U.S. Supreme Court Holds that Search Incident to Arrest Not Unreasonable Under the Fourth Amendment Just Because Arrest Violates State Law

by | Apr 25, 2008

On Wednesday, April 23, 2008, the United States Supreme Court in Virginia v. Moore (06-1082) unanimously reversed the Supreme Court of Virginia, which held that the Fourth Amendment’s prohibition on unreasonable searches and seizures warranted suppression of evidence seized as the result of a search incident to arrest where the police officer did not have the authority to arrest for a misdemeanor under state law.

In Moore, during a traffic stop a police officer determined that the driver was operating his vehicle with a suspended license.

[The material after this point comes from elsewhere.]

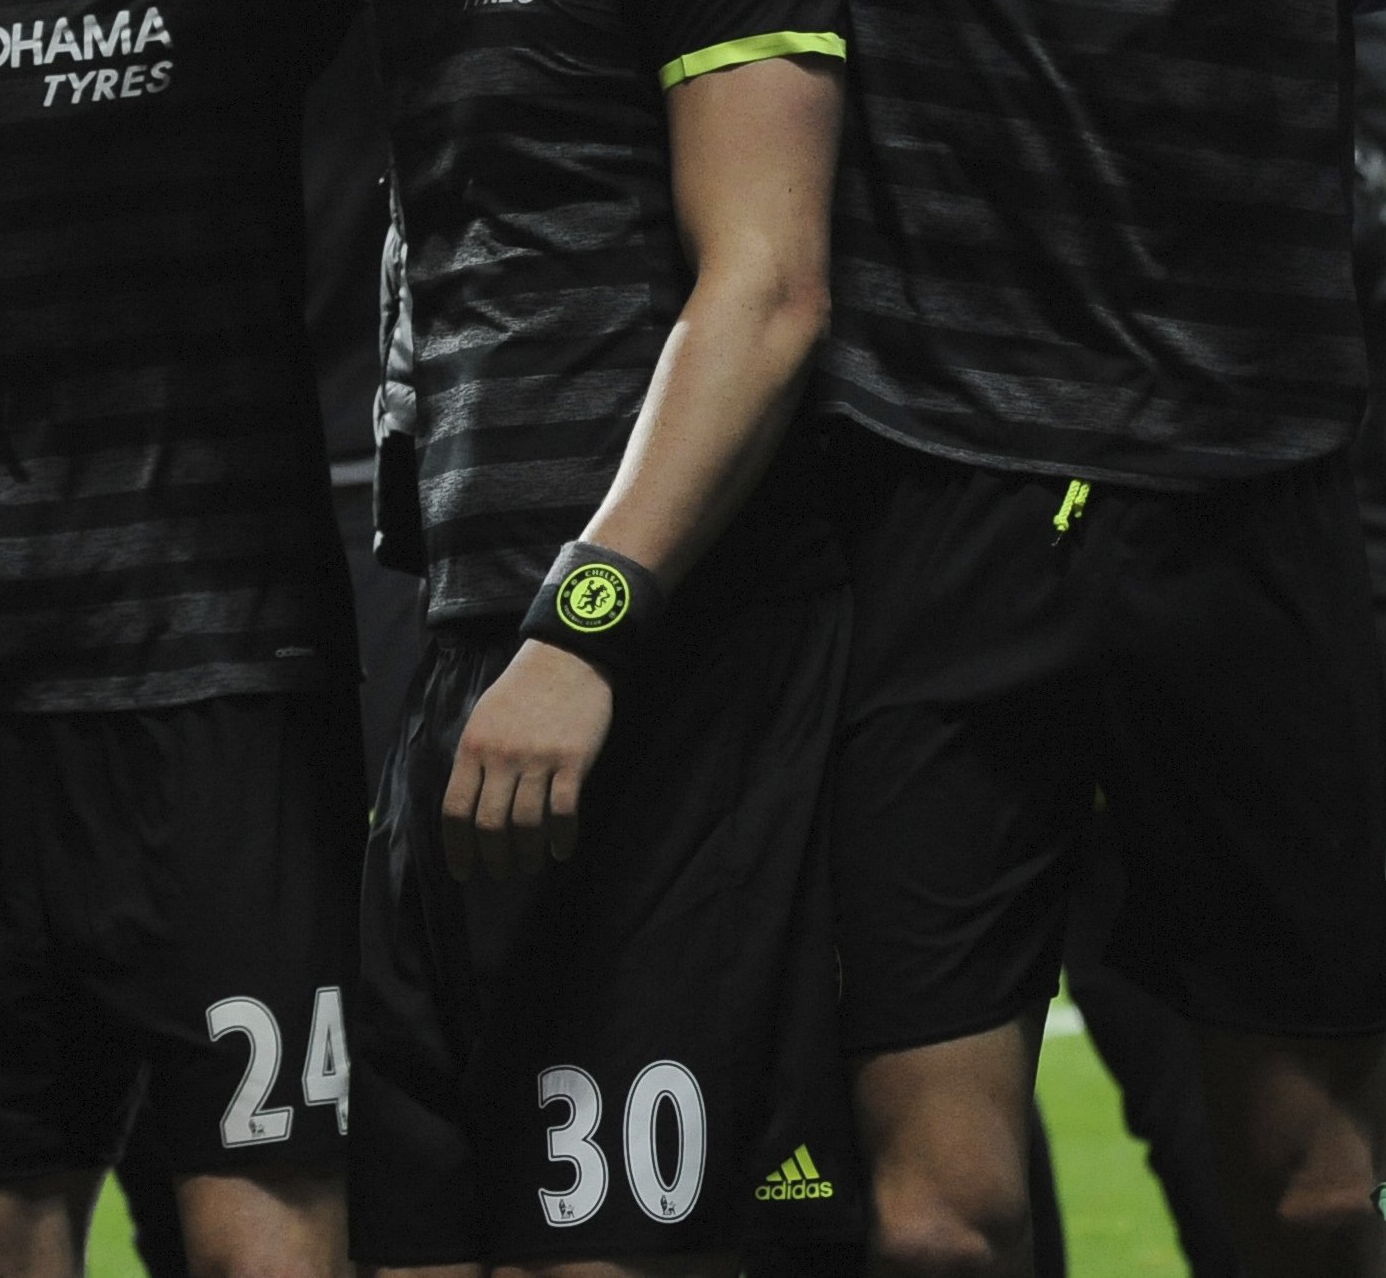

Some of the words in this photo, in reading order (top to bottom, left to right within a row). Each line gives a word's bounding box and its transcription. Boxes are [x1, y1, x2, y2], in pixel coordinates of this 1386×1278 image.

The officer arrested Moore for the violation, which was a misdemeanor in Virginia, punishable under Virginia law by a year in jail and $2,500 fine. However, under Virginia law, the officer was supposed to issue Moore a summons, and not arrest Moore, because that offense was not an offense for which an arrest was authorized under the circumstances. The police officer should have only issued a ticket according to Virginia law.

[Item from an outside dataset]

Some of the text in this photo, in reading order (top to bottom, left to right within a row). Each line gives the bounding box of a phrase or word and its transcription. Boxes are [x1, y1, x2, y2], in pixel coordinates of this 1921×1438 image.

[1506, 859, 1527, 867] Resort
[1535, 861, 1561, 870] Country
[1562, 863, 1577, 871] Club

The majority opinion, written by Justice Scalia, concludes that neither the history of the prohibition of unreasonable searches and seizures under the Fourth Amendment to the U.S. Constitution, nor tradition require a finding of a search and seizure violation. Justice Scalia’s opinion notes that “when an officer has probable cause to believe a person committed even a minor crime in his presence, the balancing of private and public interests is not in doubt . . . [t]he arrest is consitutionally reasonable.” The opinion reiterated that the safeguards afforded by the Fourth Amendment are not determined by state law. Also, it noted that states are permitted to provide more protections against unreasonable searches and seizures, but that does not change Fourth Amendment analysis.

Here, although the arrest was not authorized by state law for the particular offense, the arrest was based on probable cause. The majority held that while Virginia could have authorized an arrest for the offense but did not, the fact that the arrest was not authorized does not make it an unreasonable seizure under the Fourth Amendment.

You can download the PDF and read Virginia v. Moore by clicking here. The majority’s holding in this case permits a search incident to an unauthorized arrest. That is, where a police officer does not have the authority to arrest for offenses in his or her presence under state law, for relatively minor offenses for instance, contraband found as the result of a search incident to an arrest is not a violation for purposes of the Fourth Amendment. However, many states afford more protection under their individual constitutions.

In Pennsylvania, if an arrest is not authorized for a particular offense, any evidence seized as a result of a search incident to that arrest may be suppressed. See Commonwealth v. Bullers, 637 A.2d 1326 (Pa. 1994). Thus, in Pennsylvania, defendants and defense lawyers must be aware of a police officer’s authority to arrest when contraband is found after the arrest pursuant to a search.